The Legend of Zelda: Majora’s Mask


The one thing that bothered me about Majora’s Mask was the 3-day time limit. I play games at a slow-pace, I enjoy taking my time, exploring as much as I can and taking in the environment. When I’m playing a game and it forces a time-limit on me for certain quests or challenges, I get annoyed, frustrated and feel like I’m missing out on certain things by rushing through as I try to get to the goal.

A few years ago I was able to download the N64 version of Majora’s Mask through the Wii’s Virtual Console but had a hard time getting into the game. It felt over-whelming and it was difficult to keep up with all the side-quests. If I was younger I would have loved the game, but now that I’m older and working, along with other responsibilities, this sort of game can be a burden.

So I was relieved when I read that the 3DS version of the game would be a little different. Besides the updated visuals, the game now features a notebook that keeps track of all the side-quests and rumors you come across and it also keeps track of the quests you’ve completed. You can also set alarms to remind you of time-specific moments that are critical to side-quests. Another useful feature that has been added is a song that Link can play that will move time ahead to any specific hour of your choice, which is extremely helpful when it comes to completing side-quests. The save-system has been beefed up too. In the original Majora’s Mask there were two ways to save. You either suspended the game or by reseting time and going back to the first day. In Majora’s Mask on the 3DS, there are save-points scattered across Termina that also serve as a quick-travel system.

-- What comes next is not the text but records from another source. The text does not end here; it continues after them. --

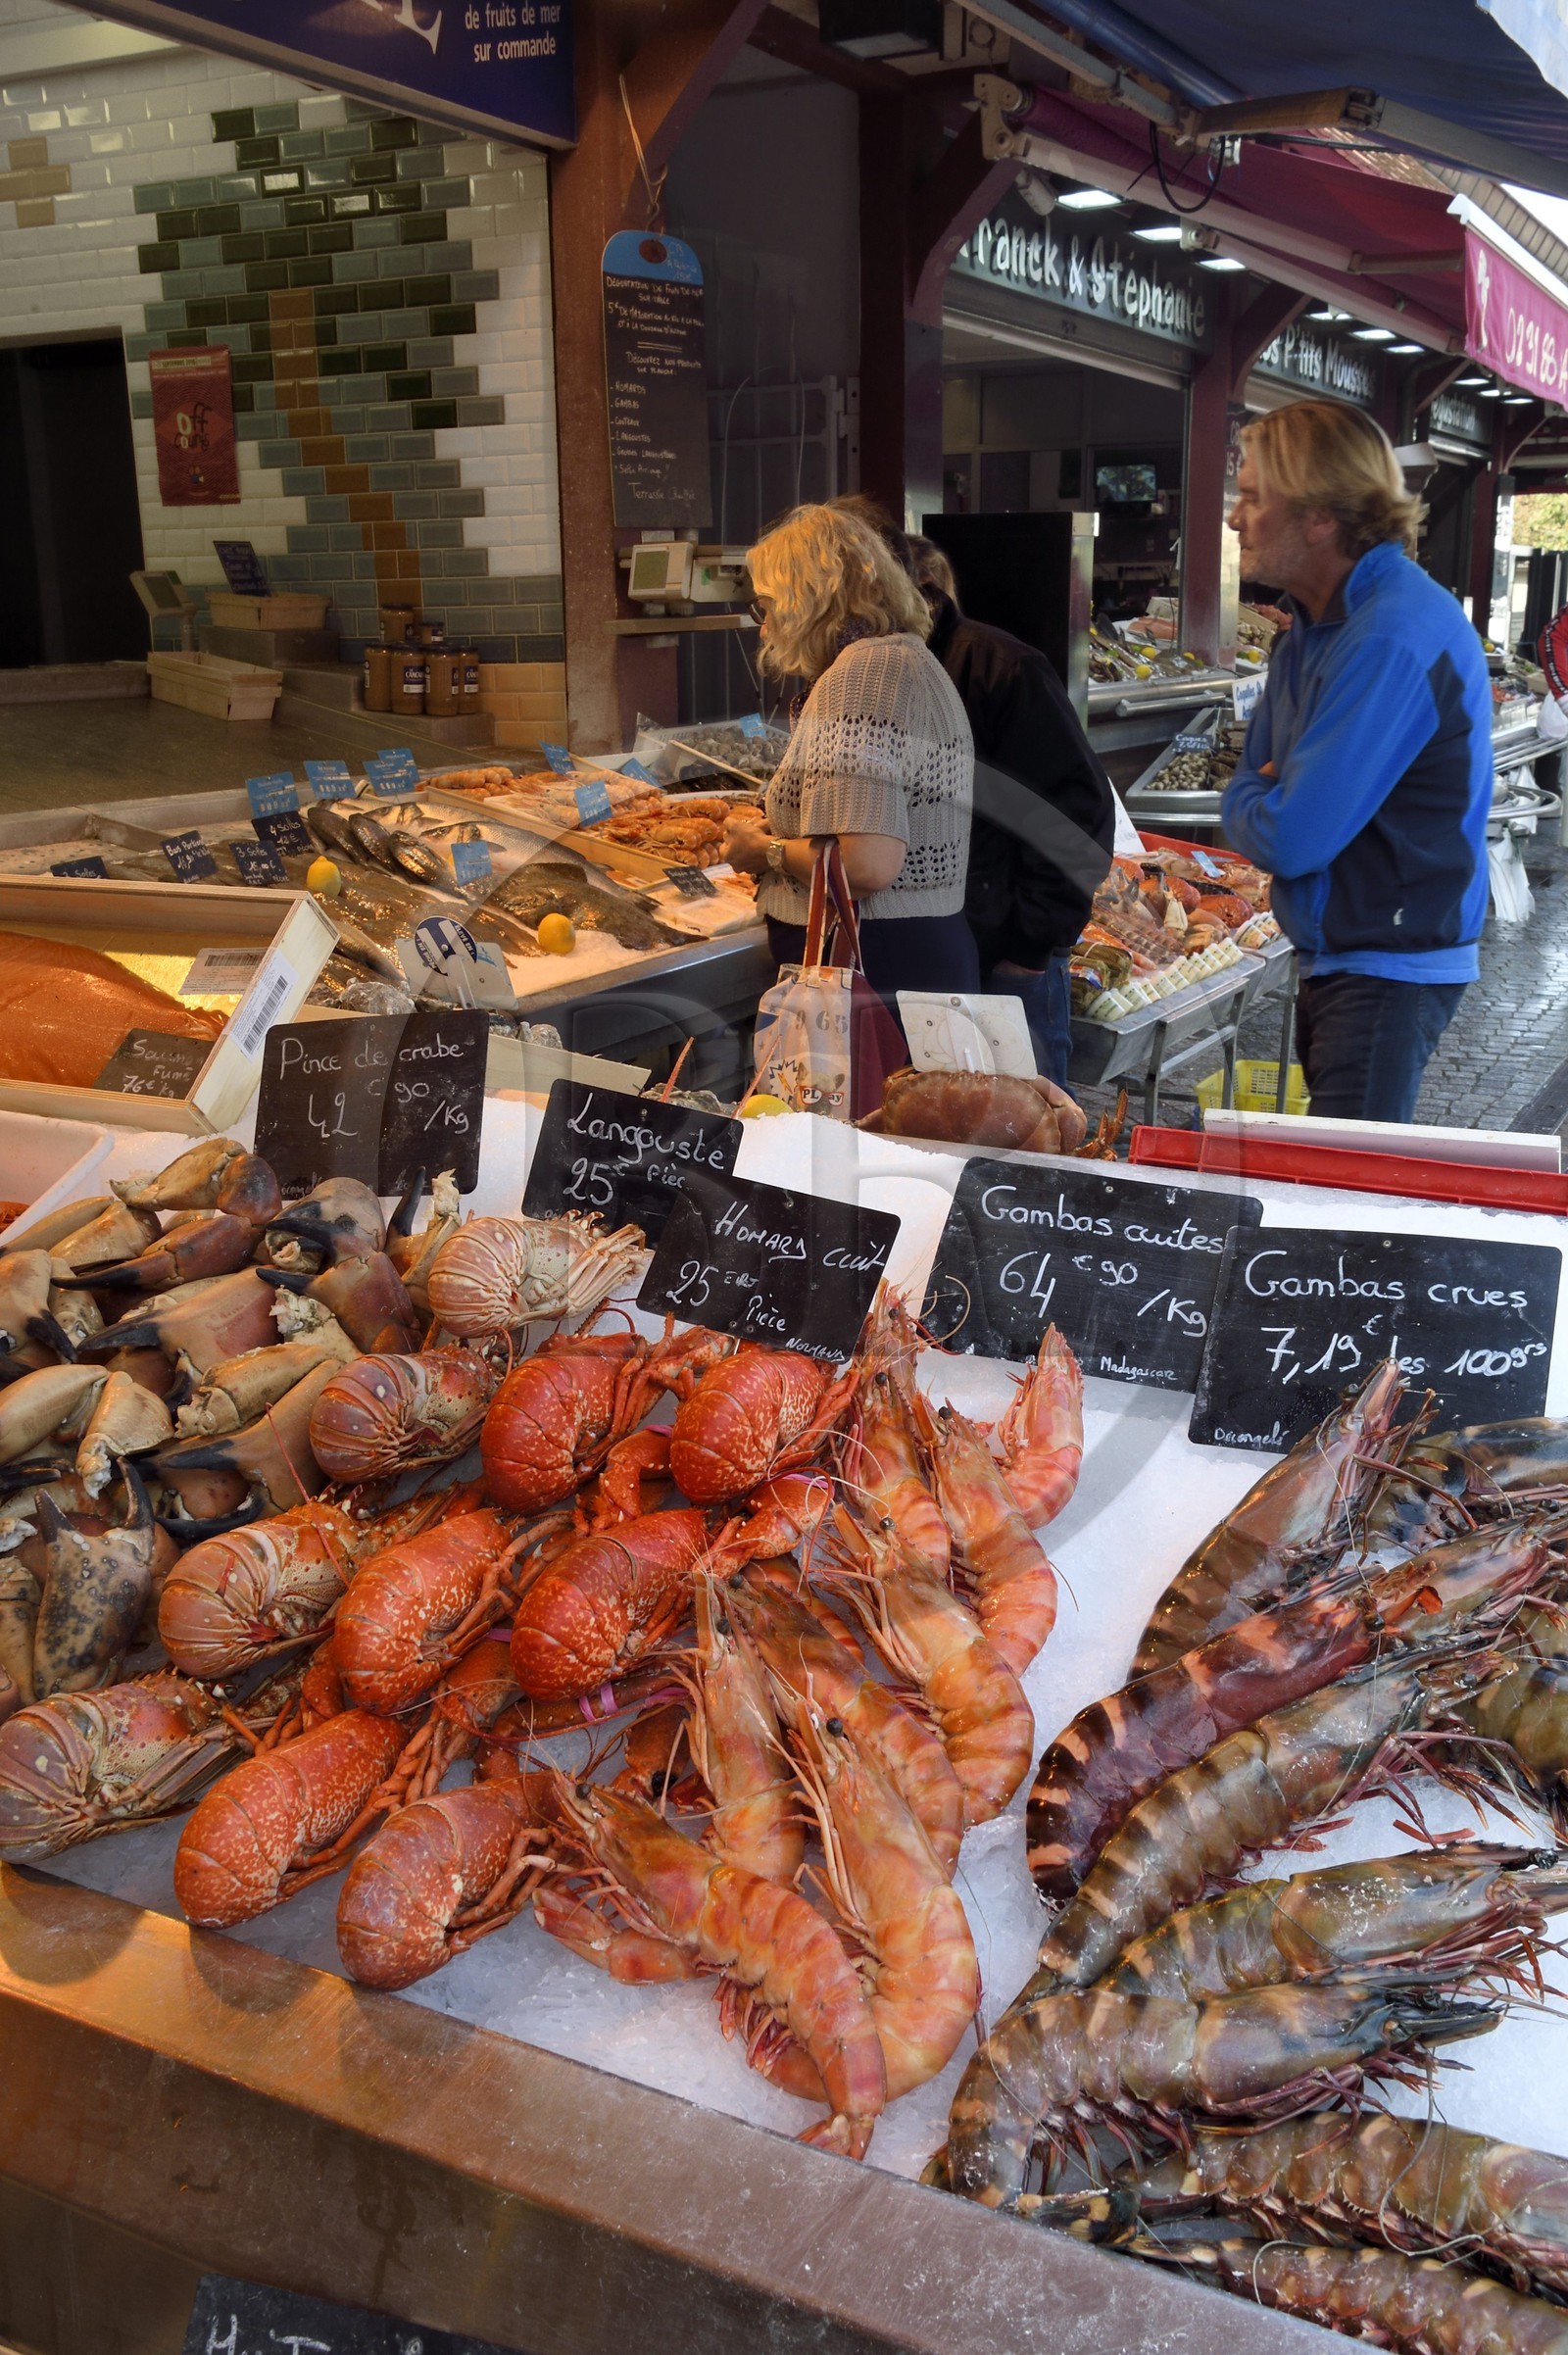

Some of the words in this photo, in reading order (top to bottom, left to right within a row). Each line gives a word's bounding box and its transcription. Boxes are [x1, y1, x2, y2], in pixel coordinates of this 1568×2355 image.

[465, 5, 480, 30] de
[485, 5, 516, 29] fruits
[521, 1, 536, 25] de
[540, 4, 562, 25] mer
[473, 43, 491, 63] sur
[497, 31, 557, 61] commande
[959, 215, 1060, 287] ranck
[1068, 234, 1085, 297] &
[1090, 235, 1206, 338] Stéphanie
[614, 397, 640, 410] GAMBAS
[280, 1037, 342, 1080] Pince
[354, 1041, 388, 1068] de
[399, 1032, 465, 1062] crabe
[566, 1092, 725, 1170] Langouste
[981, 1185, 1114, 1237] Gambas
[1123, 1217, 1225, 1255] cuites
[665, 1260, 719, 1307] 25
[999, 1251, 1057, 1319] 64
[1098, 1259, 1140, 1287] 90
[1245, 1250, 1406, 1300] Gambas
[1427, 1282, 1529, 1309] crues

I’ve only played a couple of hours and just completed the second dungeon, but I’m loving Majora’s Mask and I can see why it had such a strong cult following. Every character in the game feels alive, they all have schedules to keep. You can follow any person in the game and see what they do and listen in on their conversations. Each character has a unique personality. There are a lot of little stories to discover in Majora’s Mask, the side-quests are interesting to follow and aren’t simple fetch-quests. The main villain, Skull Kid isn’t just straight-up evil, his story is sad and the more you find out about him the more you feel sympathy.

Majora’s Mask is a great change of pace for the Zelda franchise, it’s nice to be doing something besides saving Zelda, Hyrule and fighting Ganondorf. So if you own a 3DS and need another great game to play, Majora’s Mask just might be it.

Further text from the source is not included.